エロジジイハンターズ
レイダーズは命からがら逃げることに成功した。しかし、それで諦めるベーキウたちではない。ベーキウたちは可能な限り、知っている範囲の人々に連絡し、レイダーズを探してくれと依頼した。それと、SNSでも頻繁にレイダーズのことをシアンが記事にしているのだが、レイダーズが逃げてからはシアンの他にもクーアやベルリア、アユたちも行うことになった。そして、アユは魚たちのコネクトを使い、デレラやシアンなどの王族関係の人々は立場を利用し、全世界にレイダーズの悪行を広め、捕まえてほしいと改めて伝えた。
数日後、逃走に成功したレイダーズは身を隠しながら歩いていた。フードや厚手の服で変装して移動するには暑い季節。そのため、レイダーズは帽子を深くかぶり、なるべく地味な格好で街を歩いていた。周囲を見回すと、ニュース番組に出演しているシアンとスノウが、レイダーズの悪行について熱く語っていた。

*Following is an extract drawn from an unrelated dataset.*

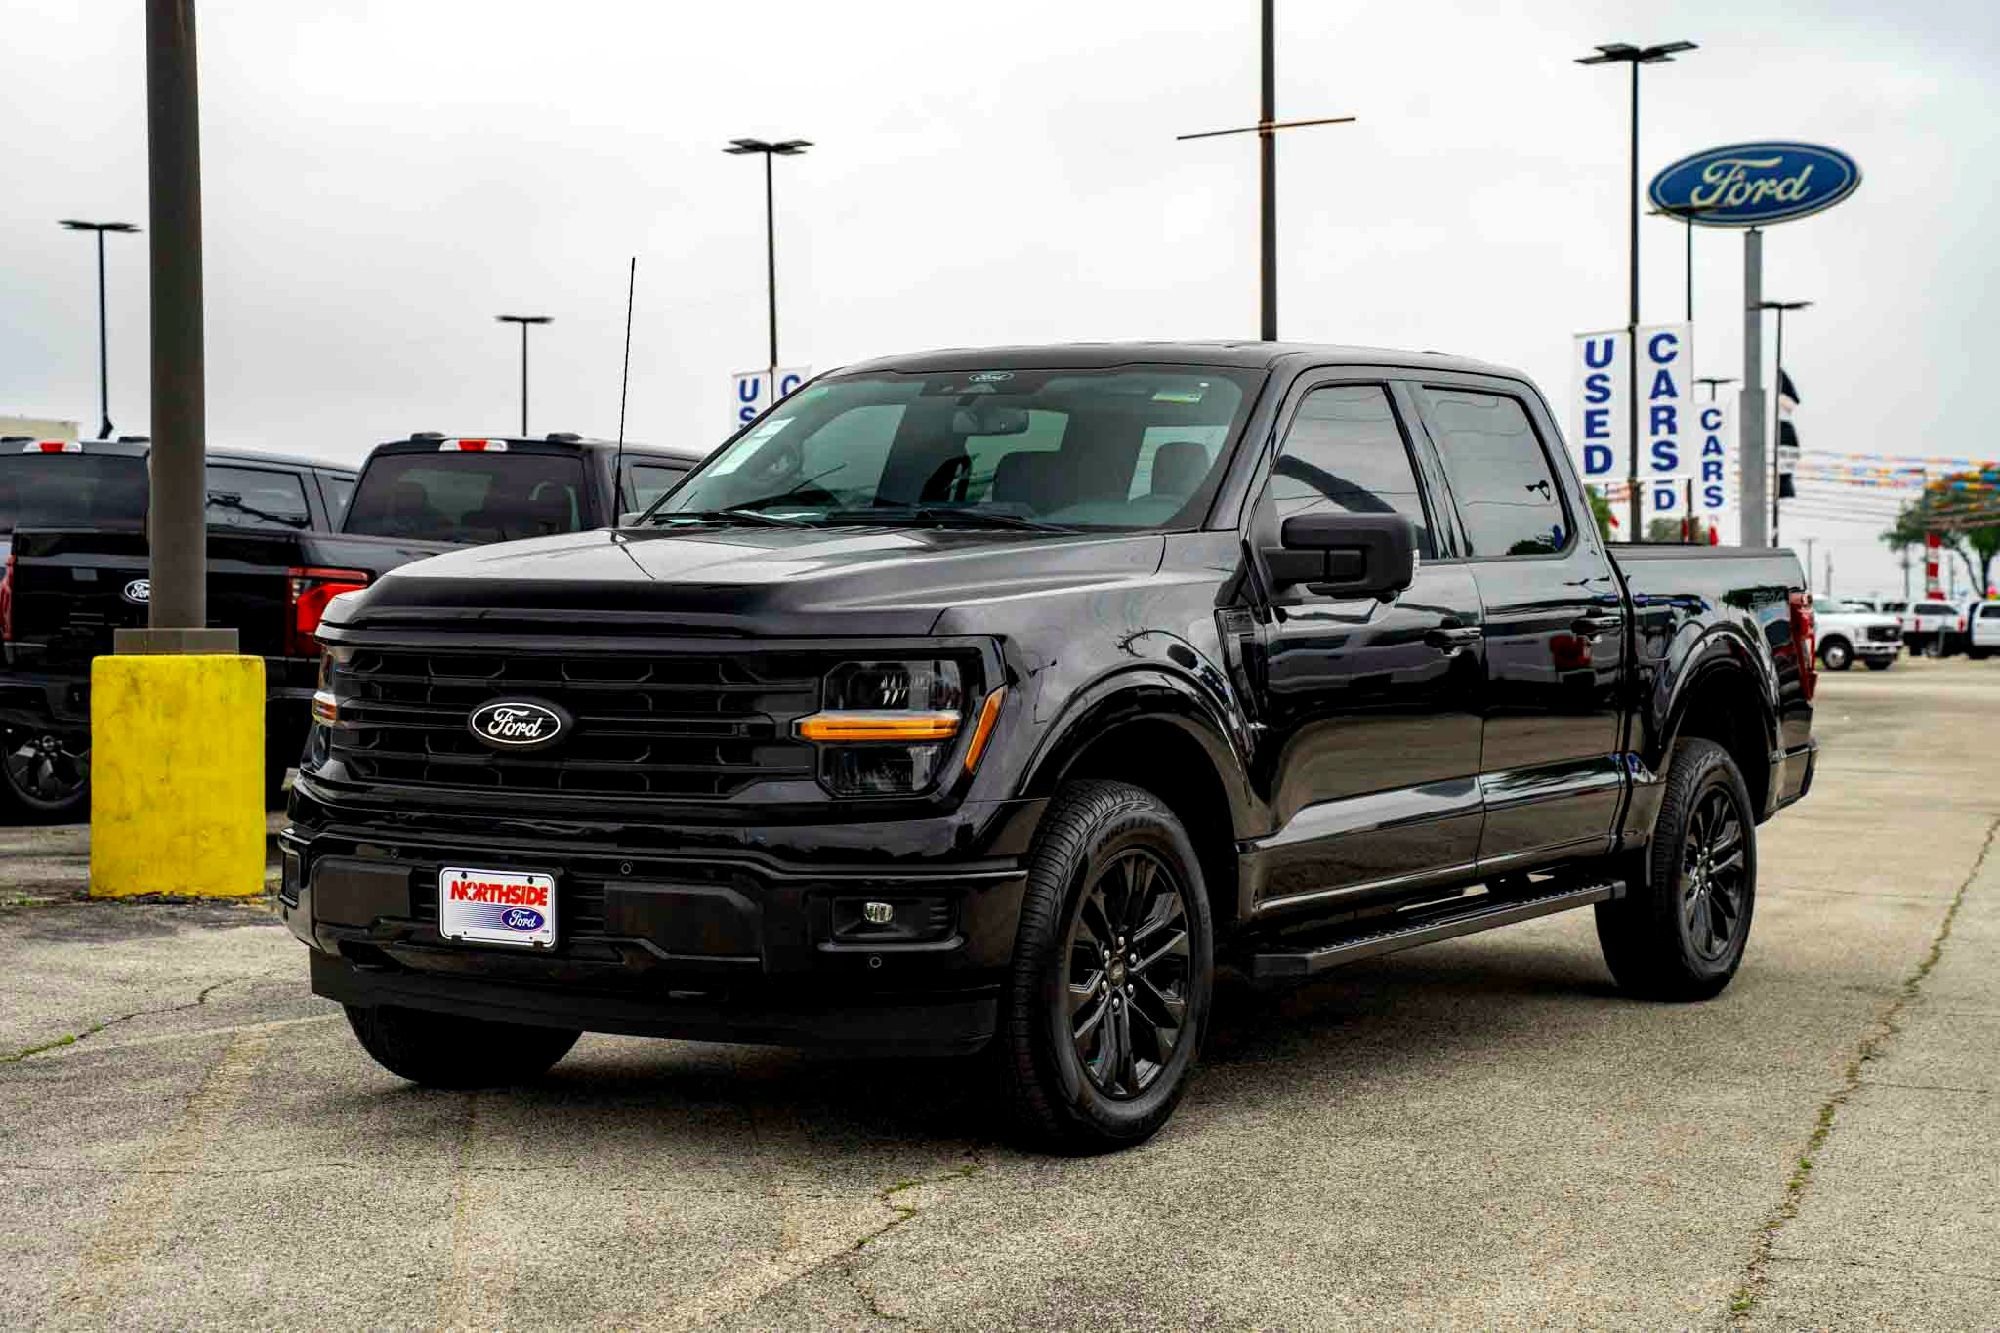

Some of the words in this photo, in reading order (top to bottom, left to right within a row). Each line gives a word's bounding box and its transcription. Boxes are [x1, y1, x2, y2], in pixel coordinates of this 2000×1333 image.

まずい。ありとあらゆることをしてでも、ワシを捕まえるつもりじゃ!
心の中で、レイダーズはこう思った。ホテルを使う際は、いざと言う時に作った偽名の免許証を使っているのだが、それもいつかはばれる。剣聖の里に戻って事情を説明しようとしても、生真面目な関係者はレイダーズを絶対に許さず、確実にシアンたちに身柄を引き渡すだろうとレイダーズは考えた。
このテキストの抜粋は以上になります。